If they ask who it's for: "Anyone in Raglan who's curious. Café owners, artists, teachers, people who've heard the word ChatGPT a hundred times and want to finally understand what it actually does."
The key frame: This is a community workshop series, not a tech course. The tone is warm, practical, and local. If it starts feeling like a lecture, something's gone wrong.
✅ Before you open the door
Run through this checklist 30 minutes before the session starts.
- Wi-Fi is on and the password is written somewhere visible. Half the session falls over without this.
- Open the workshop URL on the projector/screen:
localhost:8080/ai-workshop/or the live URL if using the live site. Have it visible as people walk in. - Test the URL yourself on your own laptop — open Module 1, click through the first section, make sure it loads.
- Have the facilitator guide open on your phone so you can glance at the troubleshooting section without switching screens.
- Write the URL on a whiteboard or printed card so people arriving late can get started without asking.
- Chairs arranged in a horseshoe or clusters — not rows. People should be able to see each other's screens and help each other.
- If charging is limited, remind people to plug in when they arrive, not halfway through.
- Cash or card for $20 — have a clear system before people arrive. Don't let payment become an awkward interruption once the session starts.
The number one thing: Get the Wi-Fi sorted before anyone arrives. If the first five minutes are spent troubleshooting internet, you've lost the room.
⏱ The 2-hour arc
This is a guide, not a script. The self-directed portion expands or contracts depending on the group.
🗣️ How to open a session
Say something close to this. Adapt the tone to feel like you.

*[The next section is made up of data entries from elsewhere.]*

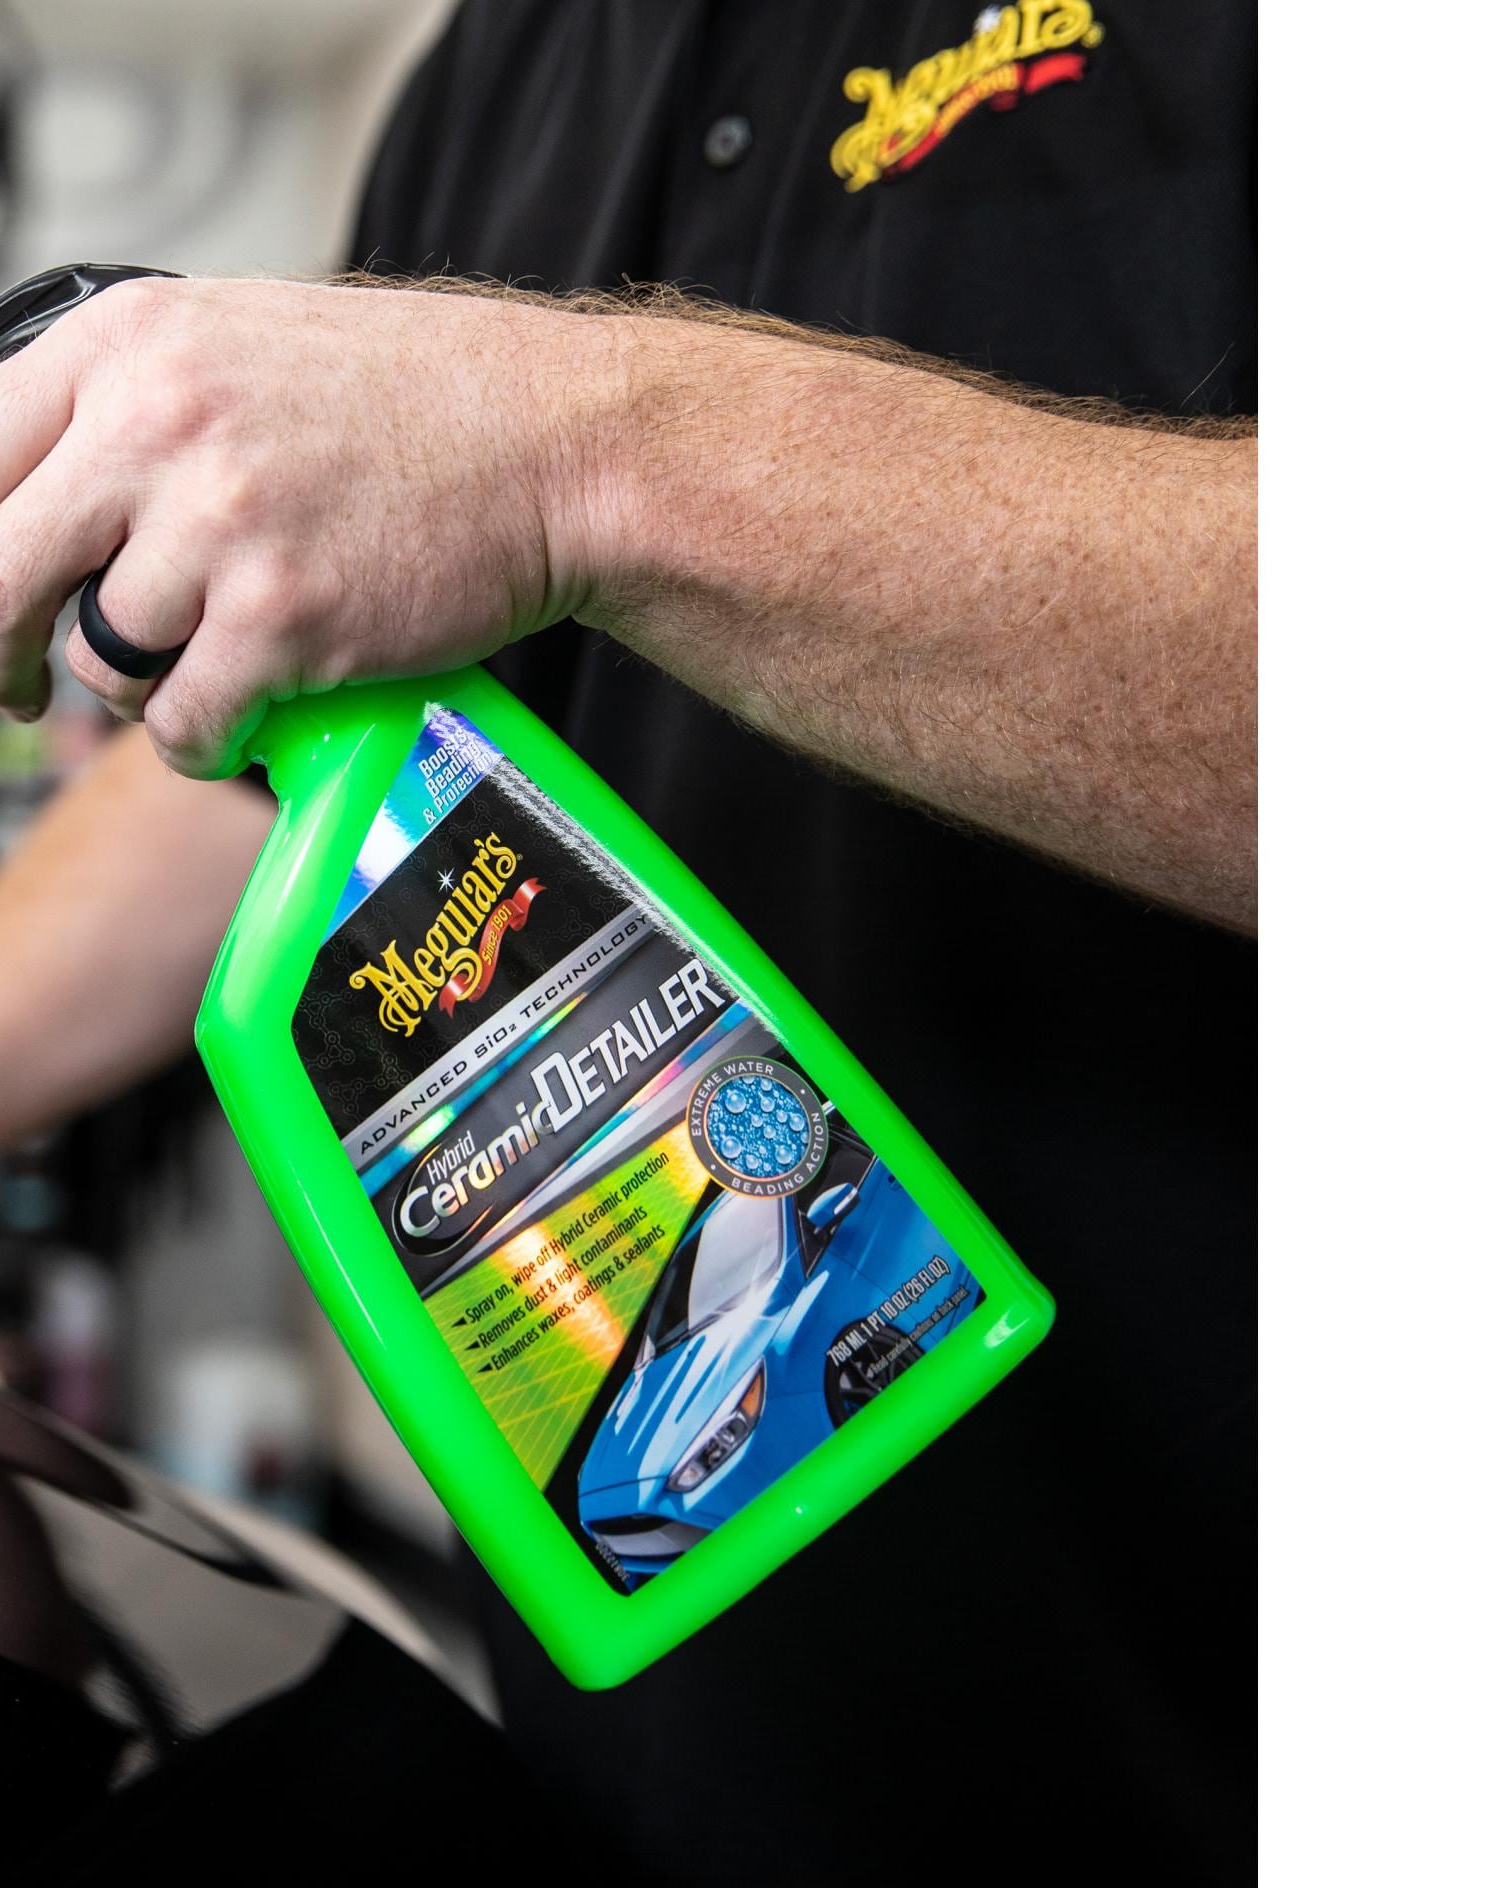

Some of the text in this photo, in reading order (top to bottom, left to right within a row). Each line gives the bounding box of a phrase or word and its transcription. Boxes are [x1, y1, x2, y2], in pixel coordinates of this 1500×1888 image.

[418, 729, 468, 780] Boosts
[423, 751, 492, 825] & Protection
[425, 741, 483, 799] Beading
[349, 832, 517, 1037] Meguiar's
[481, 905, 512, 966] Since 1901
[360, 1060, 468, 1155] ADVANCED
[520, 915, 650, 1019] TECHNOLOGY
[400, 958, 726, 1238] Ceramic DETAILER
[691, 1061, 774, 1136] EXTREME WATER
[426, 1130, 475, 1186] Hybrid
[732, 1112, 824, 1195] BEADING ACTION
[465, 1150, 670, 1324] Spray on, wipe off Hybrid Ceramic protection
[478, 1204, 648, 1349] Removes dust & light contaminants
[491, 1223, 666, 1371] Enhances waxes, coatings & sealants
[827, 1256, 950, 1367] 768 ML 1 PT 10 OZ (26 FL OZ)

"Welcome. Before we start, three things — then I'll leave you to it."
"First: you are not here to become a developer or an IT person. You are here to get one useful thing done in the next two hours. That's the whole brief."

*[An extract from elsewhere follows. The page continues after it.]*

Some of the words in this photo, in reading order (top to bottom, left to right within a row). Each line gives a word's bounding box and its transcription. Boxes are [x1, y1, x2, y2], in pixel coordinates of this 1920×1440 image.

"Second: if something doesn't work or doesn't make sense, say so. That's useful information for everyone, not embarrassing information for you."
"Third: the modules are self-paced. Some of you will get through two today. Some will spend the whole time on one. Both are completely fine. There's no test."
"Open your laptop, go to the URL on the board, and start with Module 1. If you've been here before, start where you left off. Off you go."
Then step back. Literally. Let the silence work. Within 30 seconds, almost everyone will be looking at a screen and clicking around. If someone looks stuck, walk over quietly rather than addressing the room.
🗺️ Module map — what to expect in each session
The modules are self-paced but follow a natural arc. Here's roughly what a regular attendee will cover across sessions.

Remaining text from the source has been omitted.